In general, as the evolutionary theory "survival of the fittest" implies, the viability of an organism, such as human, is highly dependent on its ability to adapt to constant environmental and metabolic stresses such as drought and famine and its ability to reproduce. With the use of adult male Caenorhabditis elegans, we have observed that exposure to short-term starvation stress improves viability coupled with an enhanced oxidative and thermal stress response and improved reproductive fitness. To enable an organism to support life, and ensure its survival and subsequent recovery from stress, it is imaginable that molecular regulation of transcription and translation is tightly controlled.

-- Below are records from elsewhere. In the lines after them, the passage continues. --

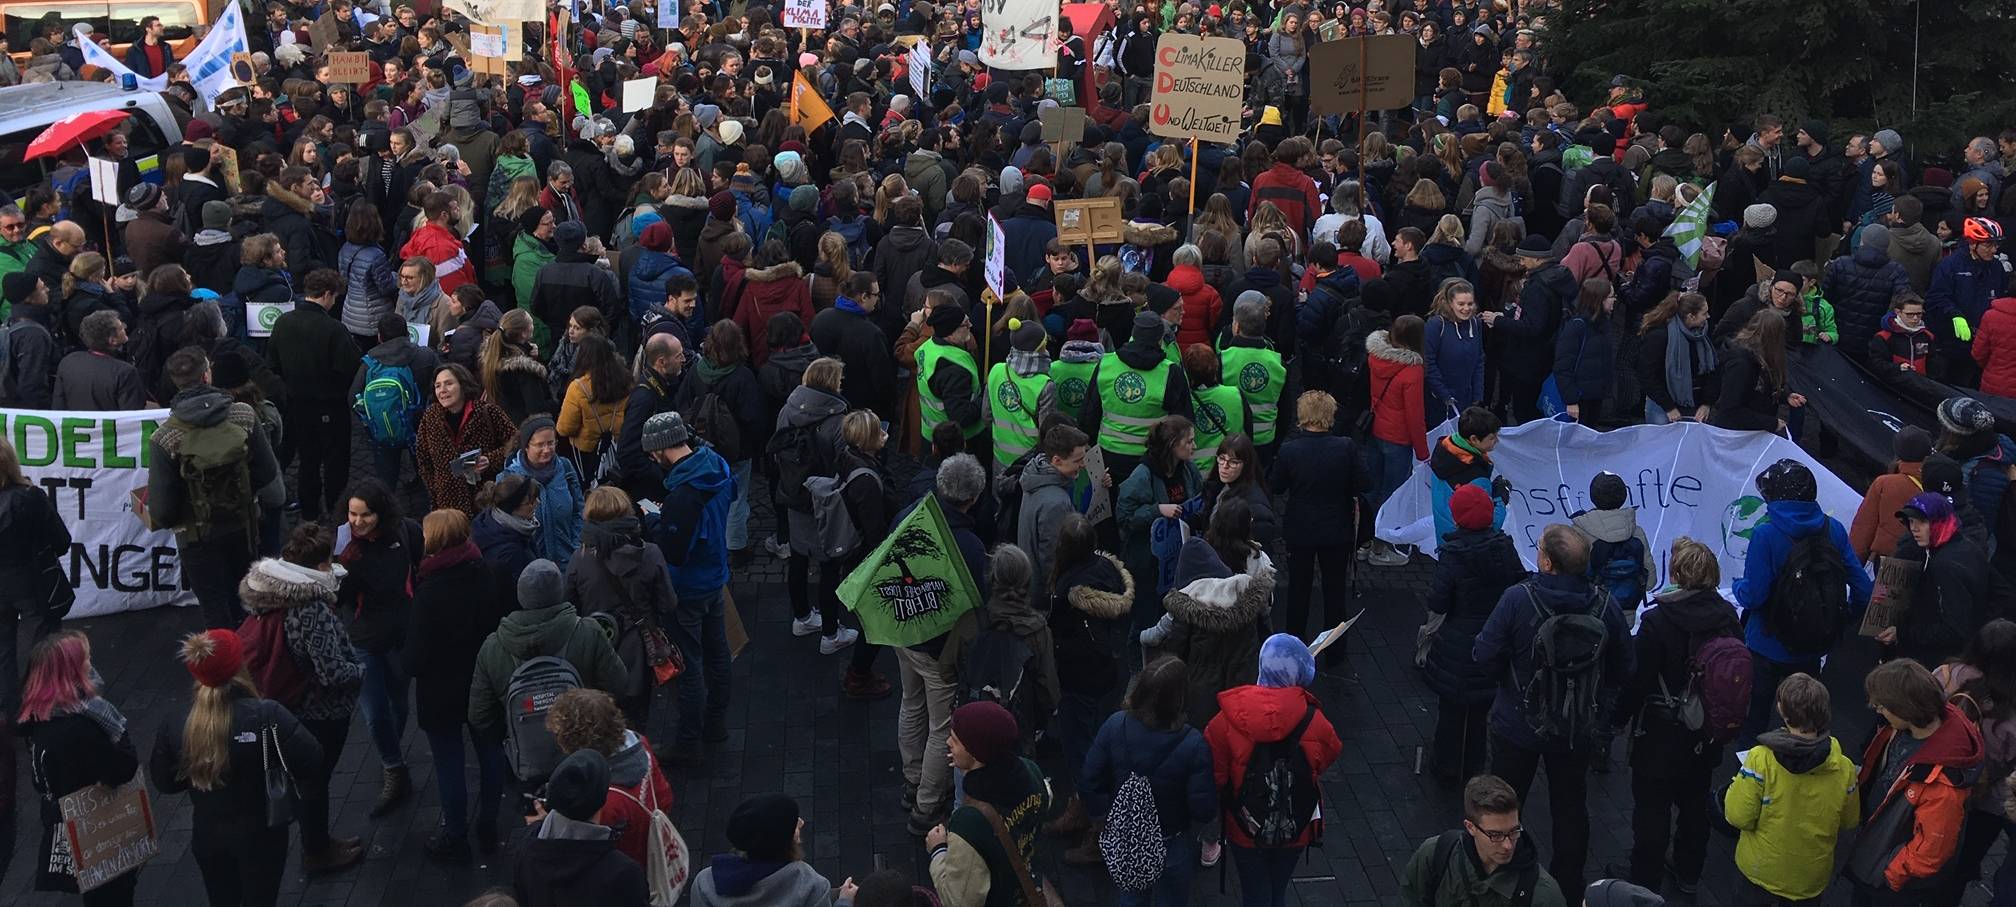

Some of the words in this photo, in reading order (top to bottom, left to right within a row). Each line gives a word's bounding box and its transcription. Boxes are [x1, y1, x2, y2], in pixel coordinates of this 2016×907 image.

[785, 7, 819, 17] KLIMA
[791, 15, 822, 26] POLITIK
[1157, 72, 1241, 99] DEUTSCHLAND
[70, 543, 192, 592] NGE
[48, 863, 63, 873] IM

Previously, our laboratory have reported the increase in protein biosynthesis and ribosome biogenesis as well as their rapid turnover during the initial phase of starvation in C. elegans [1]. We hypothesize that this starvation-induced ribosome biogeny is part of the reprogramming during starvation to equip the ribosomes with particular ribosomal proteins (RP). To screen for the candidate RP gene, we did RNAi knockdown of several RP genes and observed their survival after starvation stress. Interestingly, we found a member of the large subunit RP gene,
rpl-11.2, and not its corresponding duplicated RP gene,
rpl-11.1, to be involved in the starvation-induced improvement in viability. Moreover, starvation-induced increase in global protein biosynthesis was also abolished in
rpl-11.2 knockdown worms. These preliminary data provide clues that RP genes, particularly RPL-11.2 is likely involved in mediating metabolic response during starvation stress.References:1. Tan, K.T., et al., Insulin/IGF-1 receptor signaling enhances biosynthetic activity and fat mobilization in the initial phase of starvation in adult male C. elegans. Cell Metab, 2011. 14(3): p. 390-402.